On December 22, 2011 I posted a diary about the struggles in our political and personal lives. As I wrote that diary, I was still absorbing the knowledge that my father was dying. Late on the 23rd, he passed away.
Dad had an apartment at an assisted living facility. On Tuesday, he drove himself to the appointment wherein the Doc put him in the hospital. He had been battling a cold which turned out to be a lung infection. His other health problems snowballed into a full blown crisis the next day and by Thursday night he was gone.
After he passed, my brothers and sisters and I dispersed to celebrate Christmas with our individual families and reconvened on Monday morning to plan a funeral and tie up any loose ends. If you are going to have nine kids, it is really convenient for one of them to be a paralegal who handles a lot of probate cases. My sister had all the paperwork neatly wrapped up. When he moved into the apartment, he had already divested himself of a lot of stuff, so there was very little property to dispose of. He had set up a trust to pay his own funeral expenses. He left us a minivan and a modest life insurance policy.
The day after tomorrow, we will have a funeral.
It will be a long, good day.
You have heard of savants who can solve complex math problems in an instant or expertly play a musical instrument with no training or practice. My Father was a genius of friendship. He had a genuine warmth of spirit and expressed it to everyone he met. This expression of soul was unconscious and effortless, like feeling the breeze on your bare arms. It just seemed to happen without trying. If only his children, grandchildren and great-grandchildren came to his wake and funeral, there would be a crowd, but it won't be just his family.
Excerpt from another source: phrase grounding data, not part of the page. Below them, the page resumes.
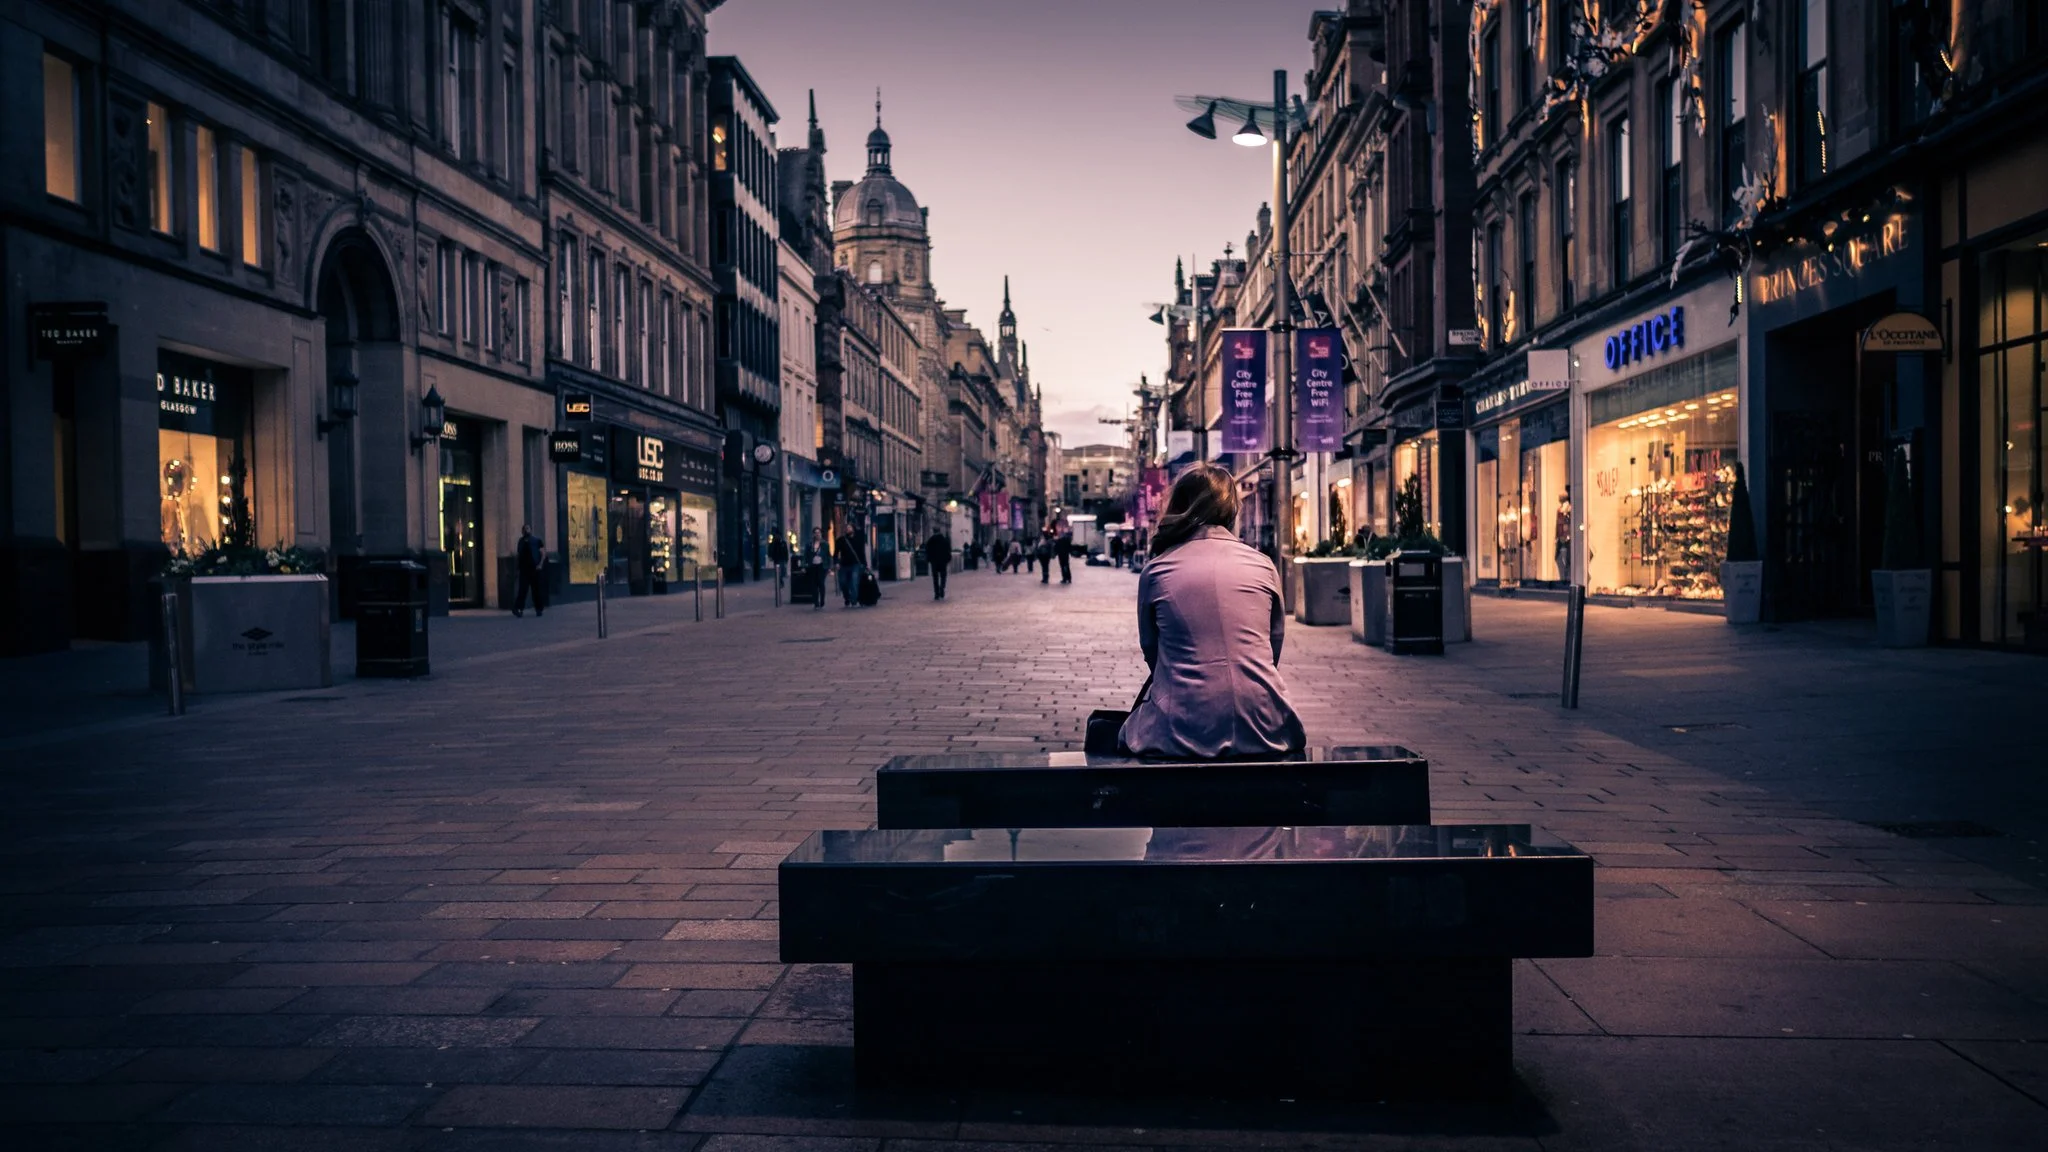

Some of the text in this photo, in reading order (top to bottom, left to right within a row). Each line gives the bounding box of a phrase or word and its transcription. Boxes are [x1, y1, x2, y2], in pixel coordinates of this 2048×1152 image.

[1760, 213, 1910, 304] PRINCES SQUARE
[65, 328, 98, 339] BAKER
[1604, 306, 1684, 370] OFFICE
[1870, 329, 1937, 340] L'OCCITANE
[1236, 370, 1253, 380] City
[1312, 369, 1328, 380] City
[156, 372, 217, 402] D BAKER
[1231, 381, 1257, 389] Centre
[1306, 380, 1333, 388] Centre
[1235, 390, 1253, 399] Free
[1311, 390, 1329, 398] Free
[160, 399, 198, 415] GLASGOW
[566, 402, 590, 413] USC
[1235, 399, 1253, 408] WiFi
[1311, 398, 1329, 407] WiFi
[1476, 390, 1509, 414] CHARLES
[442, 421, 458, 437] OSS
[554, 441, 579, 449] BOSS
[637, 435, 664, 469] USC
He had lots and lots of friends. The friends of his children, the friends of his friends and the friends of his neighbors all became his friends.
Dad didn't leave us a fortune. He left us his life, truly felt and fully lived; Worn a bit at the elbows, like an old, comfortable coat. My family and I will always have that old coat wrapped around our shoulders.
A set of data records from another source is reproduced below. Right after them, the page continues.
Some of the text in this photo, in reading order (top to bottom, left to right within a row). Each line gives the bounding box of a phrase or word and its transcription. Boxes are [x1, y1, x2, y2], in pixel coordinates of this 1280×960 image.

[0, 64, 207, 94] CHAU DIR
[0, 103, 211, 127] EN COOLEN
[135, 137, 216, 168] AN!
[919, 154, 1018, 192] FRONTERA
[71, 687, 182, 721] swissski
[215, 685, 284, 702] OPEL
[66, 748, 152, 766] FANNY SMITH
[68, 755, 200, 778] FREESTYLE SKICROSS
I am not a religious man, though my father was. I don't believe in virgin births and all the sky-god boojum. I guess you could say I'm a semi-closeted atheist. I don't think Dad consciously saw the face of Christ in everyone he met, but he behaved as though he did.
Truly I tell you, whatever you did for one of the least of these brothers and sisters of mine, you did for me.
Jesus of Nazareth
To honor my parents, I'm going to try to live as if I could see the face of god in others.
That's a god I can believe in.
Rest in peace, Pop.
Thanks to all my kossack friends for the kind comments and good wishes you have expressed.